======== SUPPLIED INFORMATION ========
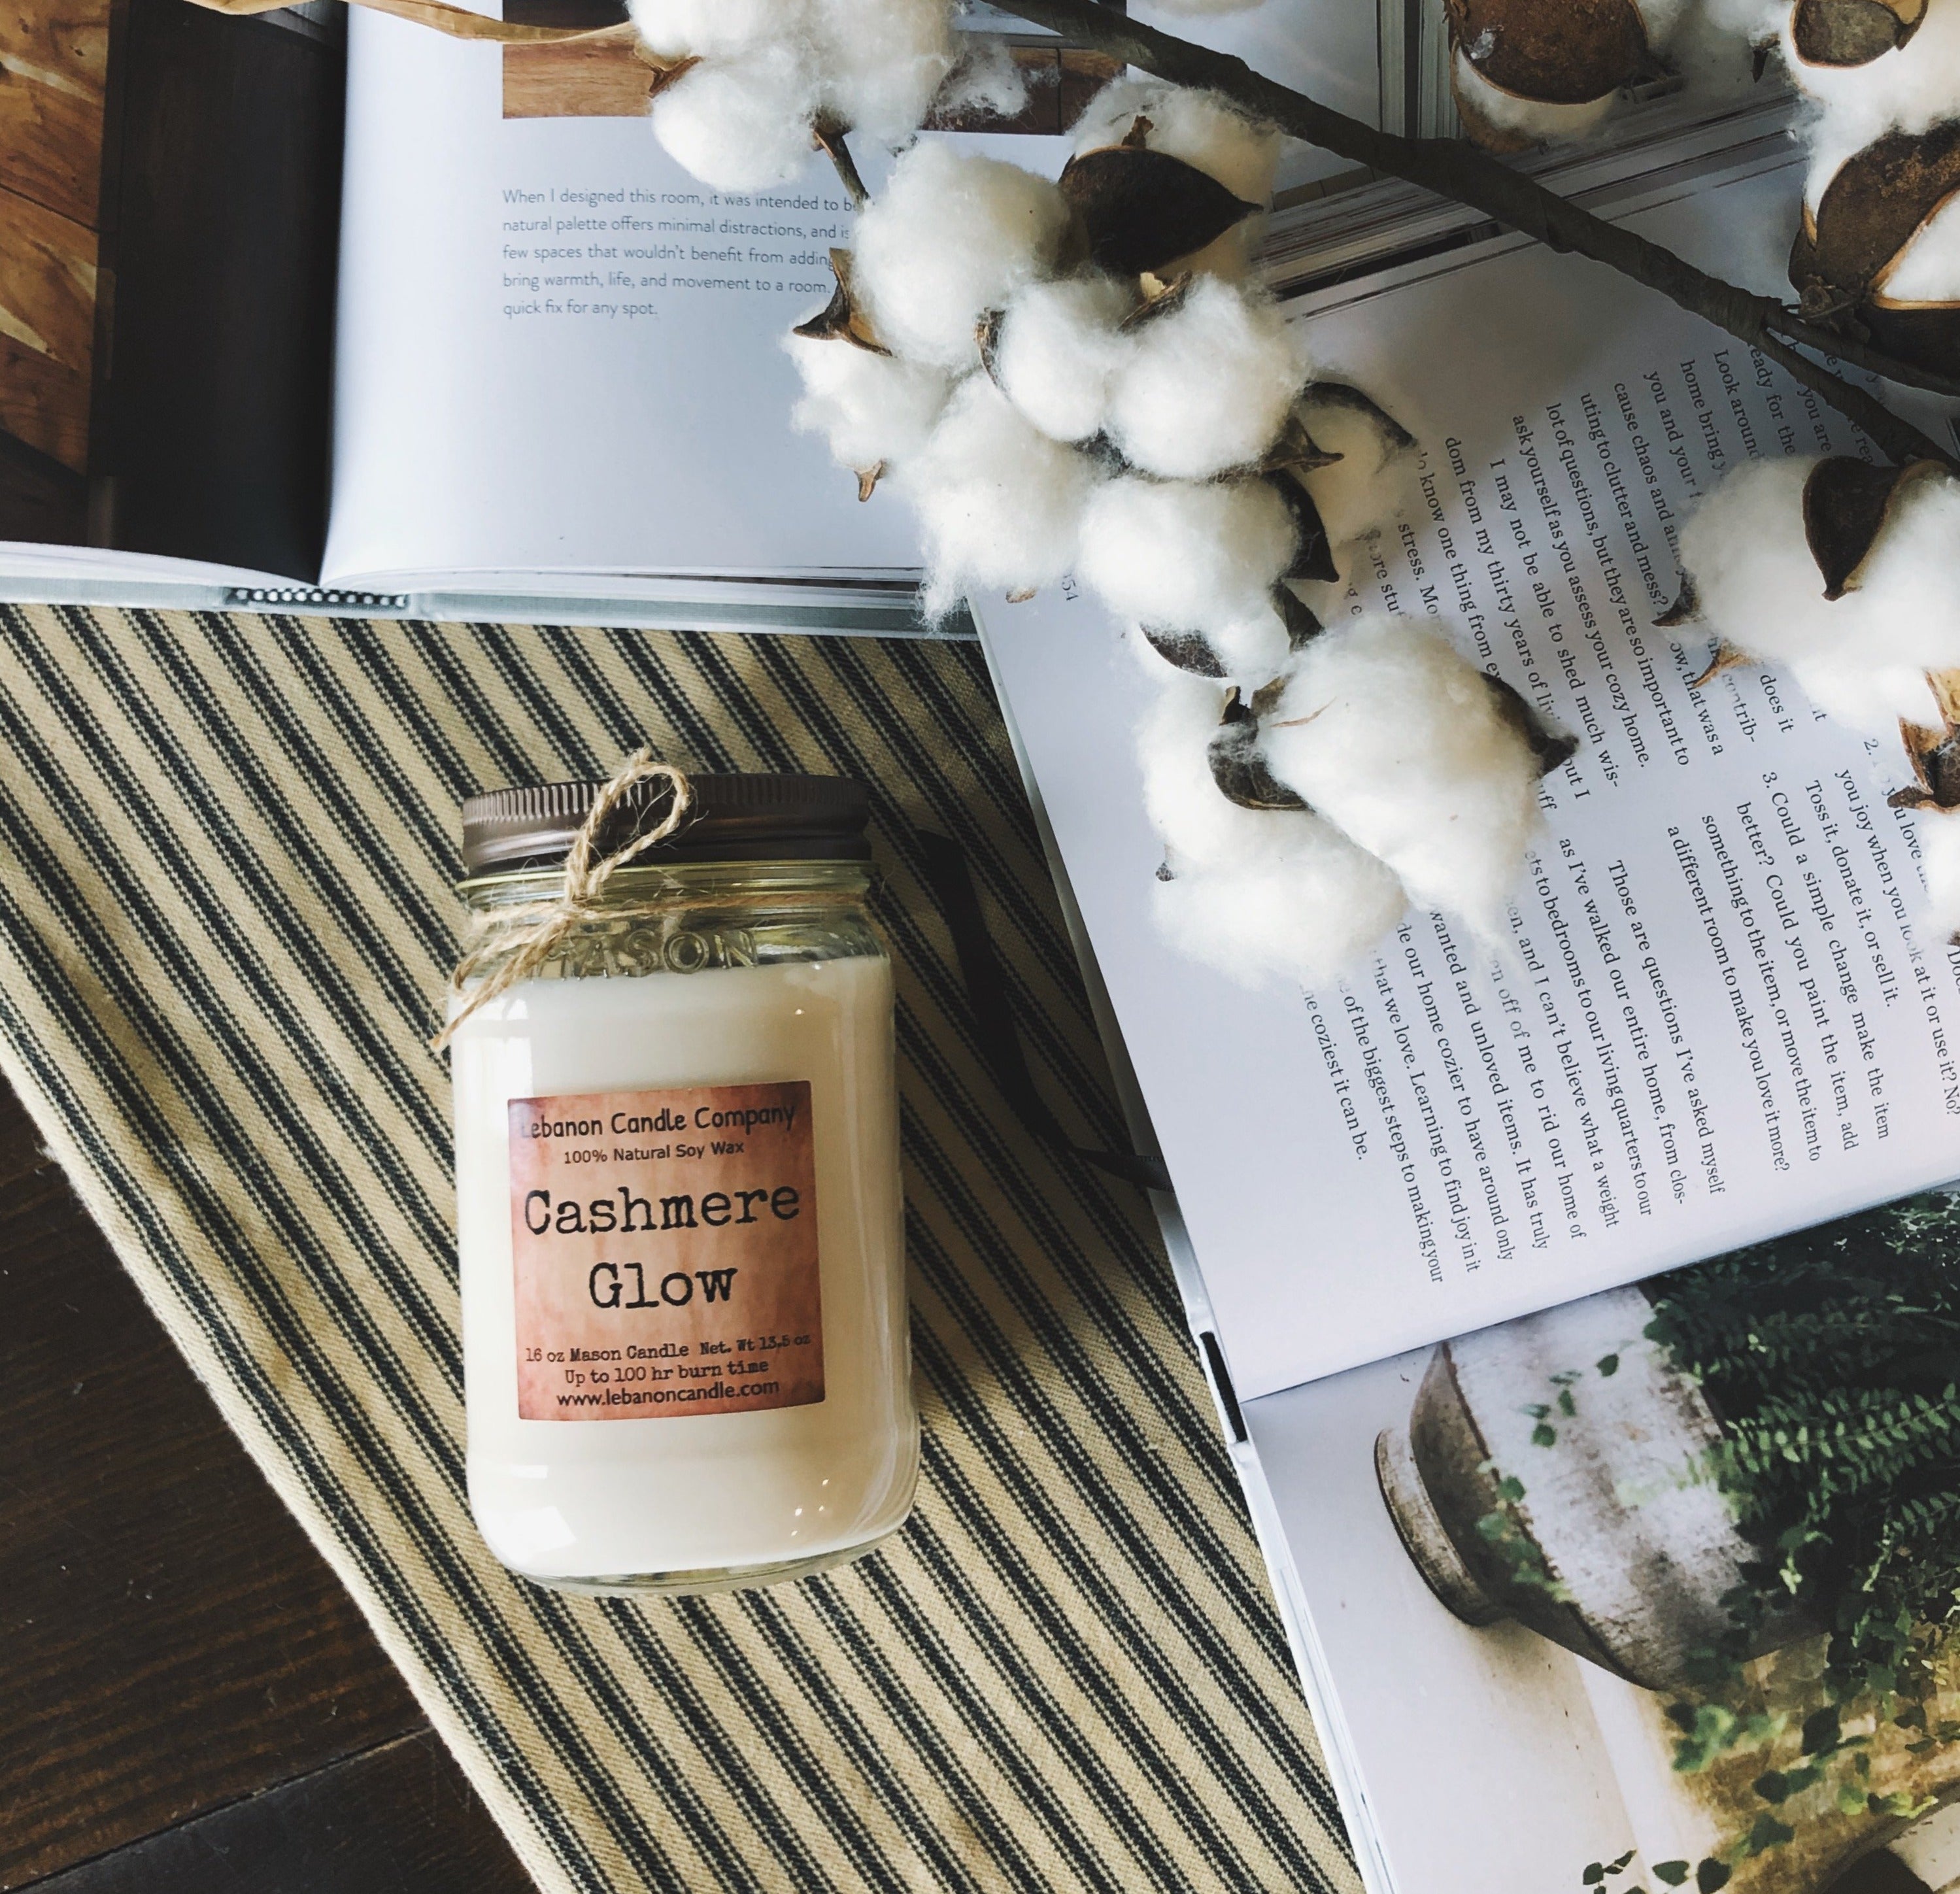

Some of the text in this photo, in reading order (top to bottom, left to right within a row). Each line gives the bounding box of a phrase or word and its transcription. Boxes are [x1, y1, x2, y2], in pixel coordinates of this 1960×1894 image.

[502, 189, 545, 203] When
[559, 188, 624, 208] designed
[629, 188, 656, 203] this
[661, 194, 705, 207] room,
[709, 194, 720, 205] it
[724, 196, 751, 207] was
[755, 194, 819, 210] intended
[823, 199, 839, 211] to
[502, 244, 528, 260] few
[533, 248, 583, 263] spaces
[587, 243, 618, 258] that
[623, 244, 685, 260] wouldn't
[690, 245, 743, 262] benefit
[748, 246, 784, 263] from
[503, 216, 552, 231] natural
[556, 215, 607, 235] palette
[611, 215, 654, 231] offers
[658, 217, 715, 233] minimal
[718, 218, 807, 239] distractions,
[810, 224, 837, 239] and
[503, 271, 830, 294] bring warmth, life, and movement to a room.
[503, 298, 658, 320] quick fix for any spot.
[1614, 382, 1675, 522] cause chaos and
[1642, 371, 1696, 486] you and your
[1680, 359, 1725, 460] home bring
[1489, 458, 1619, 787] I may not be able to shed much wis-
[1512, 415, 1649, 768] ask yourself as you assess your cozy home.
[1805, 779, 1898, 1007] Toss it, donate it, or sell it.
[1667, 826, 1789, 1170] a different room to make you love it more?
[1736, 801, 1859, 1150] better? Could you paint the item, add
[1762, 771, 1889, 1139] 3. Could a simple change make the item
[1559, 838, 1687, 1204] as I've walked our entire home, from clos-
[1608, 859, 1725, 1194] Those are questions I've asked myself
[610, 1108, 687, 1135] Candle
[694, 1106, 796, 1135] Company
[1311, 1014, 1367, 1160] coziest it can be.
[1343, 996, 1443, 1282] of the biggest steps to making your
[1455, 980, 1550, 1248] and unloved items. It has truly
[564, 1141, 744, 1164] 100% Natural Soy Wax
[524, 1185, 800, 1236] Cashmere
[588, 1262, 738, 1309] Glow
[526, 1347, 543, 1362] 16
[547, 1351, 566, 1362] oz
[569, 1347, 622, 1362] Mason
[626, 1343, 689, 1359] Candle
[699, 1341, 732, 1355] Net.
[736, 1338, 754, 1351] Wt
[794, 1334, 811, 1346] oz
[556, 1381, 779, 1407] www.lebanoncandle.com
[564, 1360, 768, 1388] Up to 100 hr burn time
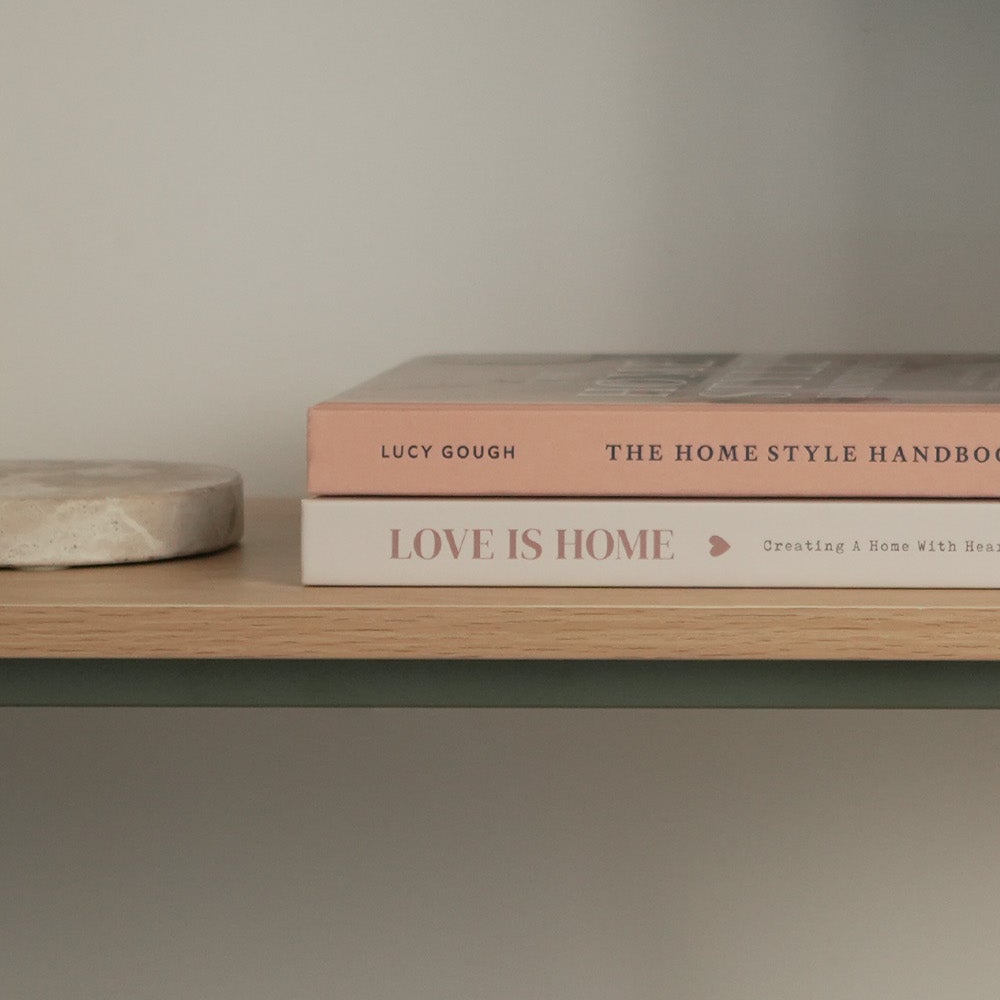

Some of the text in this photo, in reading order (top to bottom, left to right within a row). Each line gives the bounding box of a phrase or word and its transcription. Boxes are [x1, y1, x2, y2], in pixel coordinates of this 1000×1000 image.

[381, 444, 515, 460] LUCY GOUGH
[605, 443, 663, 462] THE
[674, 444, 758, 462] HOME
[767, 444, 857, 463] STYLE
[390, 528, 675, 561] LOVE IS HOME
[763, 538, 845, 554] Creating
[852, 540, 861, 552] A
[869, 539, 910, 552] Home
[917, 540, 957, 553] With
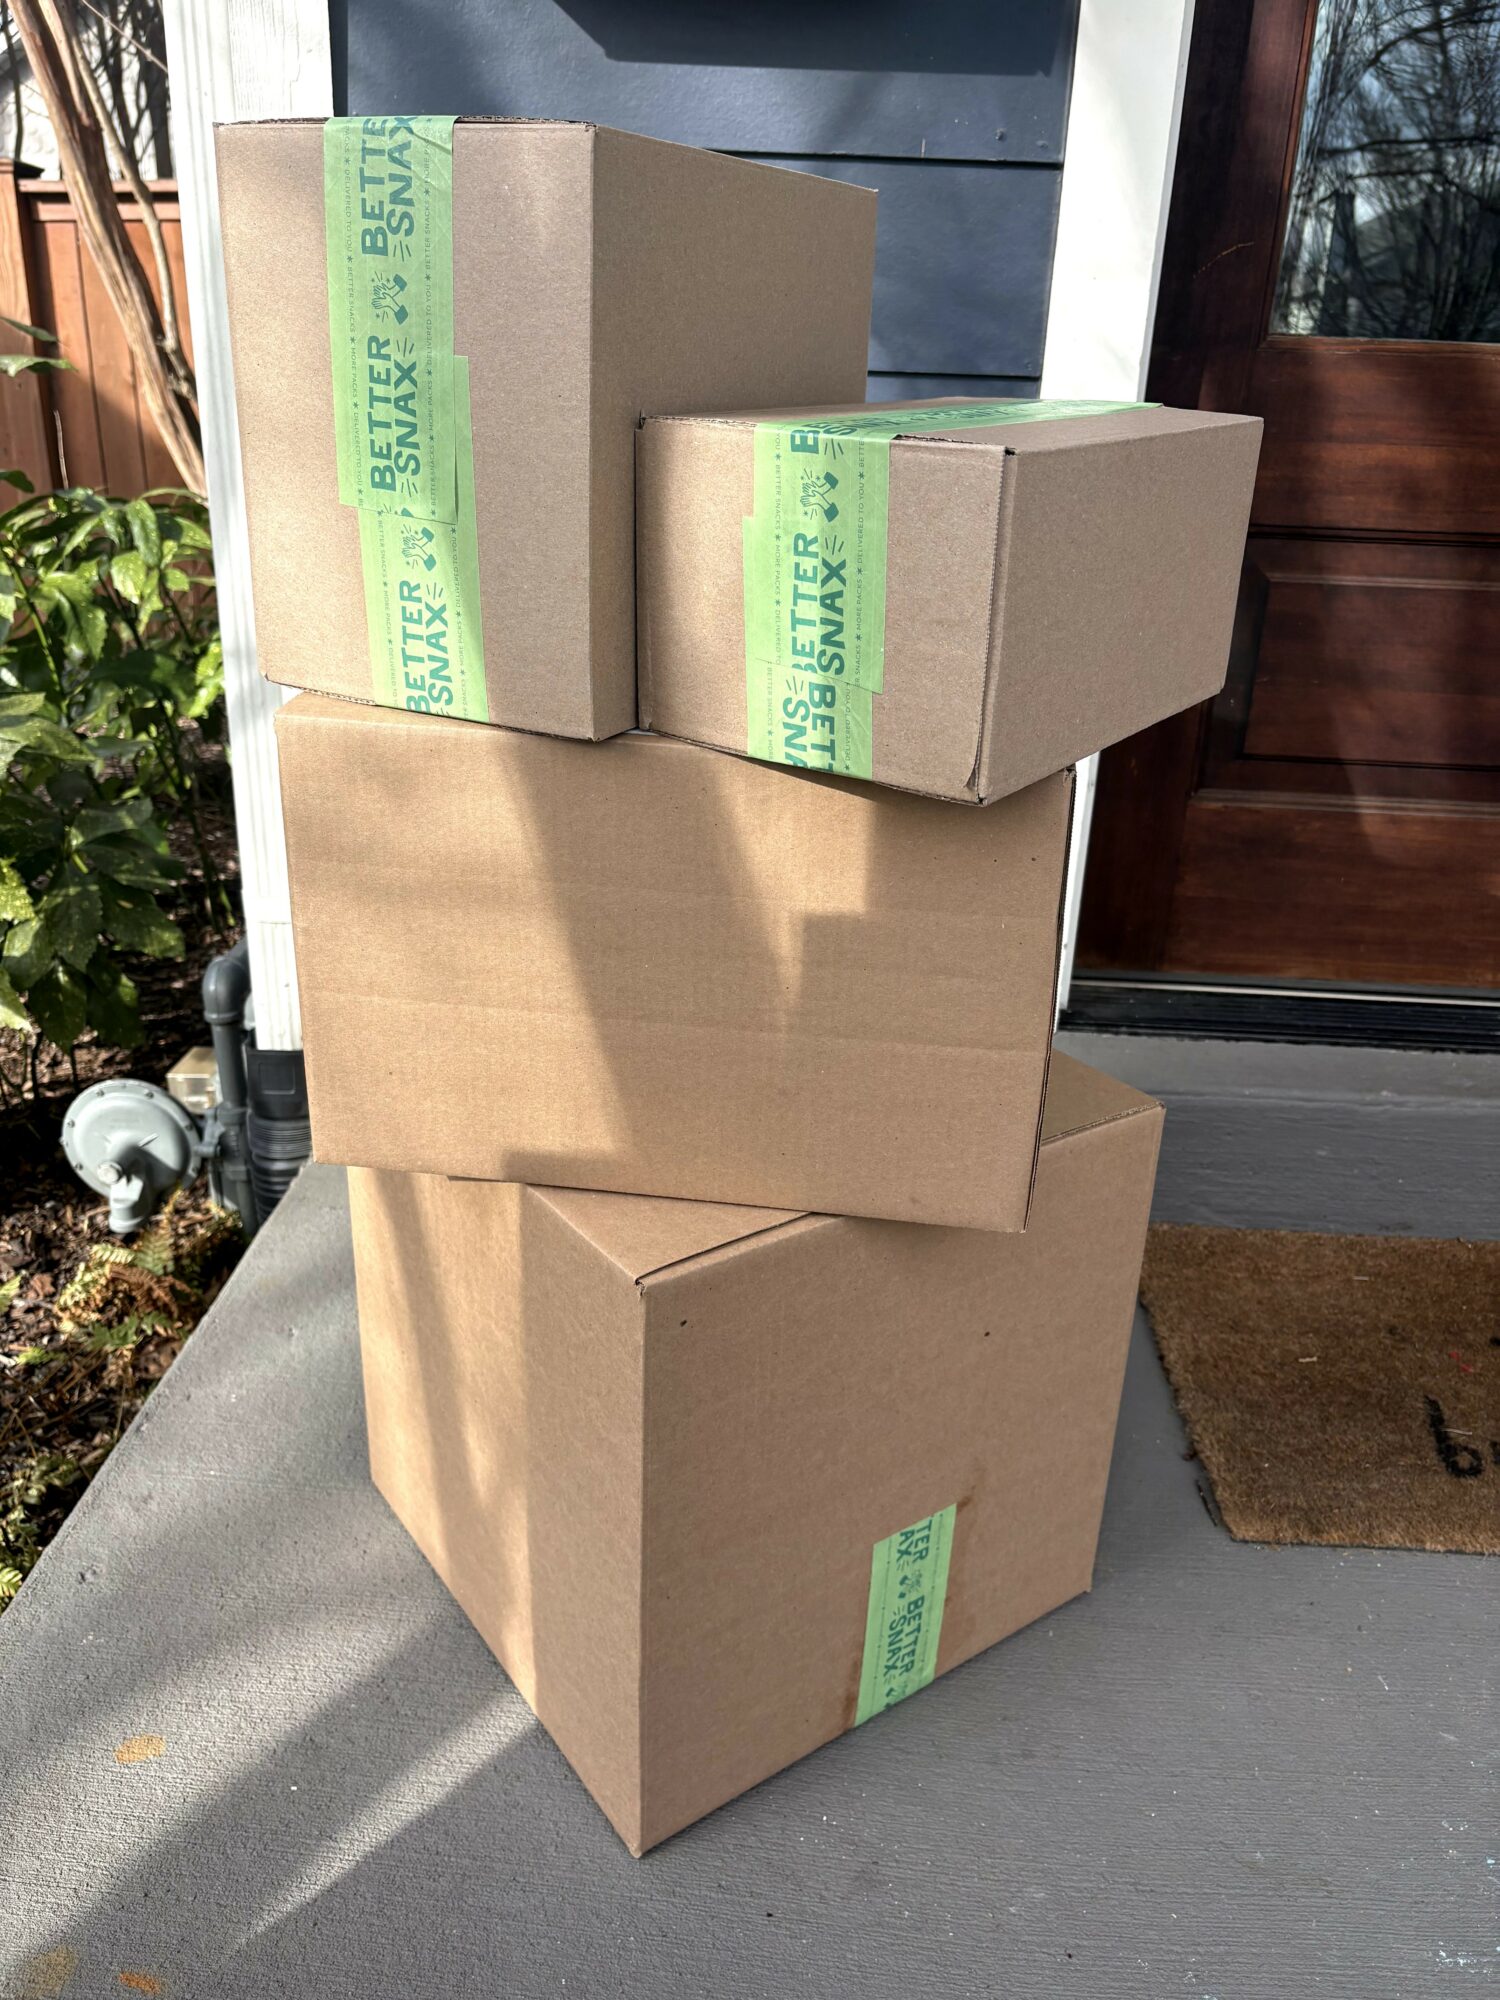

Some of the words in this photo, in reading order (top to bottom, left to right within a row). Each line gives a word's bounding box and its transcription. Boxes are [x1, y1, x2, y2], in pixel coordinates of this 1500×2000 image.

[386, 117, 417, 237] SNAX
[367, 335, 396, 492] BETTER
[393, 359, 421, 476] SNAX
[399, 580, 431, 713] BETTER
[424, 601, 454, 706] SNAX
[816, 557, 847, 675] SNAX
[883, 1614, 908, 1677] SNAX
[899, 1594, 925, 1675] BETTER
========
* **YOUR OBJECTIVE**:
What is needed is an exact repeat of the lines from the one containing "this 1000×1000 image." through the last line of the records above, both included, with pictures left out.

* **FINISHED EXERCISE**:
Some of the text in this photo, in reading order (top to bottom, left to right within a row). Each line gives the bounding box of a phrase or word and its transcription. Boxes are [x1, y1, x2, y2], in pixel coordinates of this 1000×1000 image.

[381, 444, 515, 460] LUCY GOUGH
[605, 443, 663, 462] THE
[674, 444, 758, 462] HOME
[767, 444, 857, 463] STYLE
[390, 528, 675, 561] LOVE IS HOME
[763, 538, 845, 554] Creating
[852, 540, 861, 552] A
[869, 539, 910, 552] Home
[917, 540, 957, 553] With

Some of the words in this photo, in reading order (top to bottom, left to right within a row). Each line gives a word's bounding box and its transcription. Boxes are [x1, y1, x2, y2], in pixel coordinates of this 1500×2000 image.

[386, 117, 417, 237] SNAX
[367, 335, 396, 492] BETTER
[393, 359, 421, 476] SNAX
[399, 580, 431, 713] BETTER
[424, 601, 454, 706] SNAX
[816, 557, 847, 675] SNAX
[883, 1614, 908, 1677] SNAX
[899, 1594, 925, 1675] BETTER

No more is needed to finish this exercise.